DATASET EXTRACT:
■ ■ ■ ■ ■ ■ ■

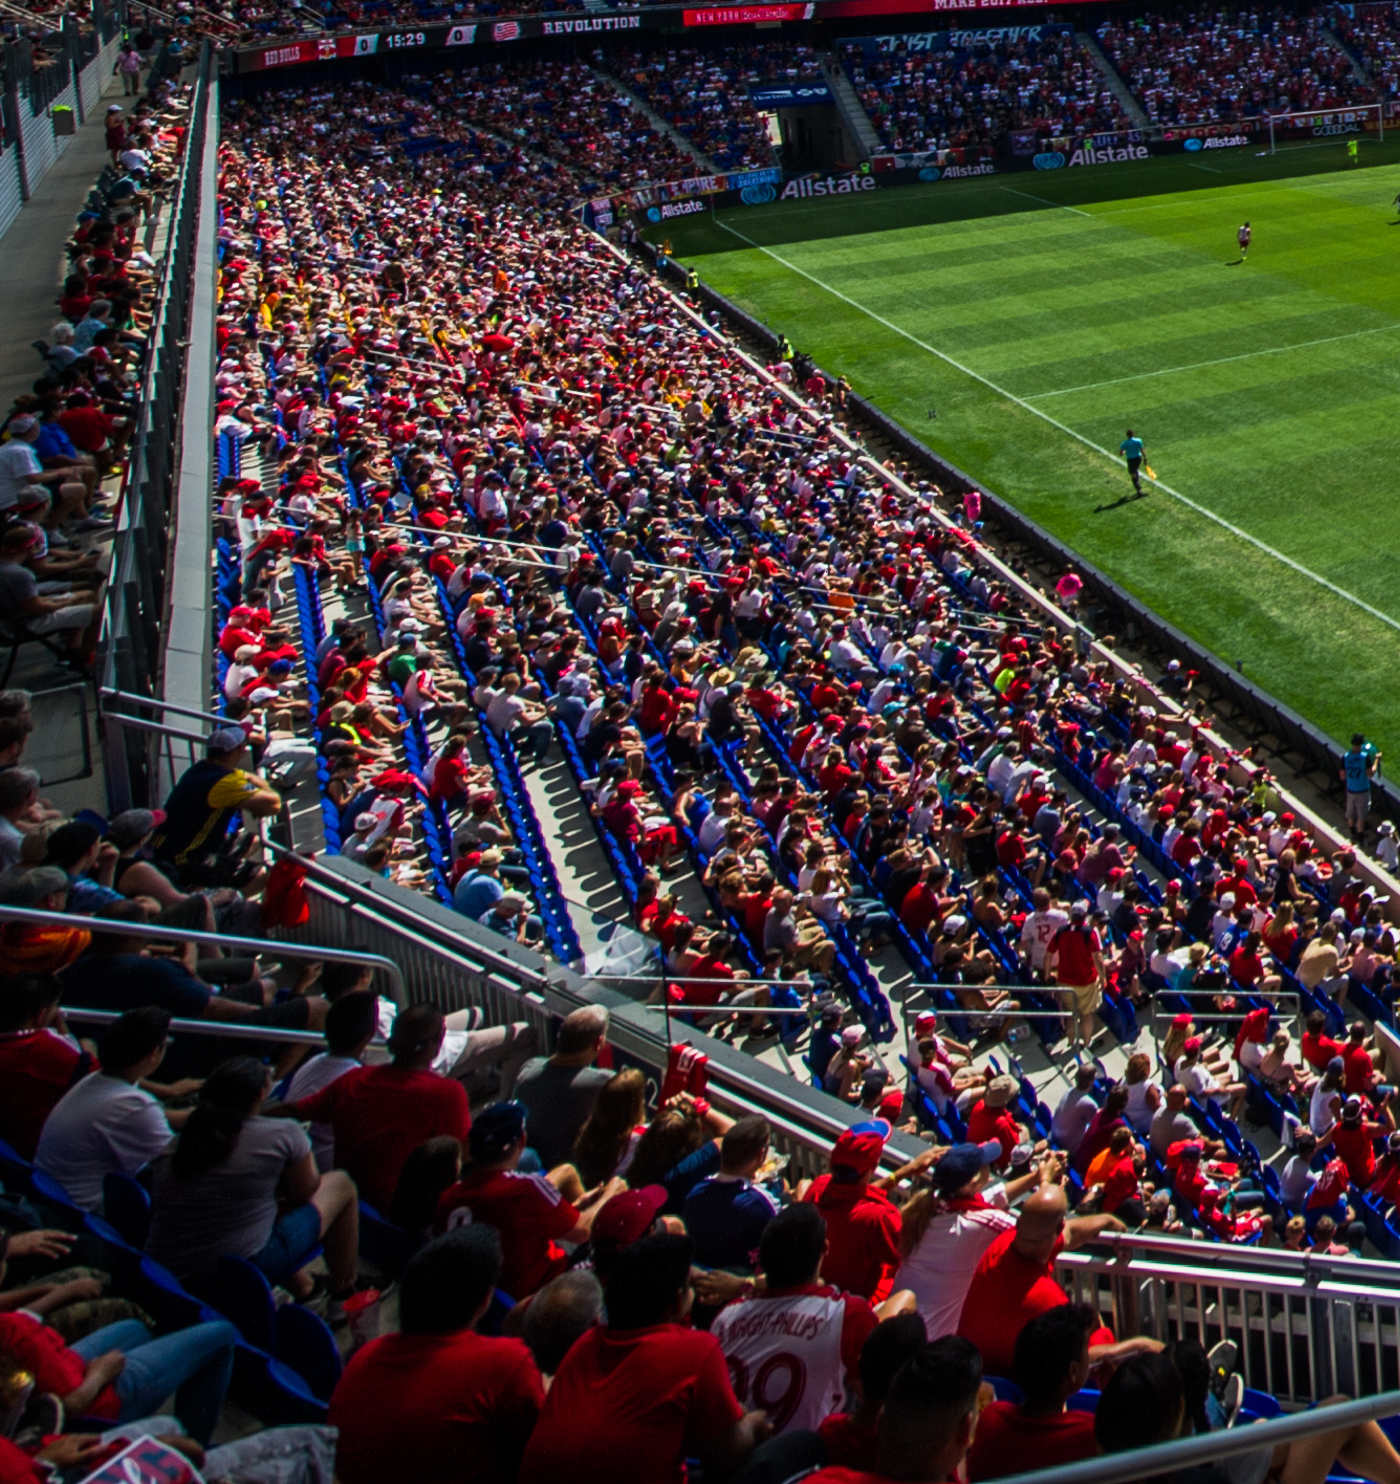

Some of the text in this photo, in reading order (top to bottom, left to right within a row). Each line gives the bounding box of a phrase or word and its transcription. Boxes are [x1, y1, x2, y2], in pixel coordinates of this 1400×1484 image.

[542, 16, 641, 34] REVOLUTION
[386, 32, 427, 48] 15:29
[454, 29, 462, 42] 0
[361, 38, 369, 52] 0
[1203, 134, 1249, 149] Allstate
[1068, 144, 1149, 167] Allstate
[941, 163, 996, 179] Allstate
[781, 173, 876, 200] Allstate
[661, 199, 706, 219] Allstate

■ ■ ■ ■ ■ ■ ■

ASSIGNED TASK:
The data must be reproduced exactly, and no picture may appear in the copy.

ANSWER BELOW:
Some of the text in this photo, in reading order (top to bottom, left to right within a row). Each line gives the bounding box of a phrase or word and its transcription. Boxes are [x1, y1, x2, y2], in pixel coordinates of this 1400×1484 image.

[542, 16, 641, 34] REVOLUTION
[386, 32, 427, 48] 15:29
[454, 29, 462, 42] 0
[361, 38, 369, 52] 0
[1203, 134, 1249, 149] Allstate
[1068, 144, 1149, 167] Allstate
[941, 163, 996, 179] Allstate
[781, 173, 876, 200] Allstate
[661, 199, 706, 219] Allstate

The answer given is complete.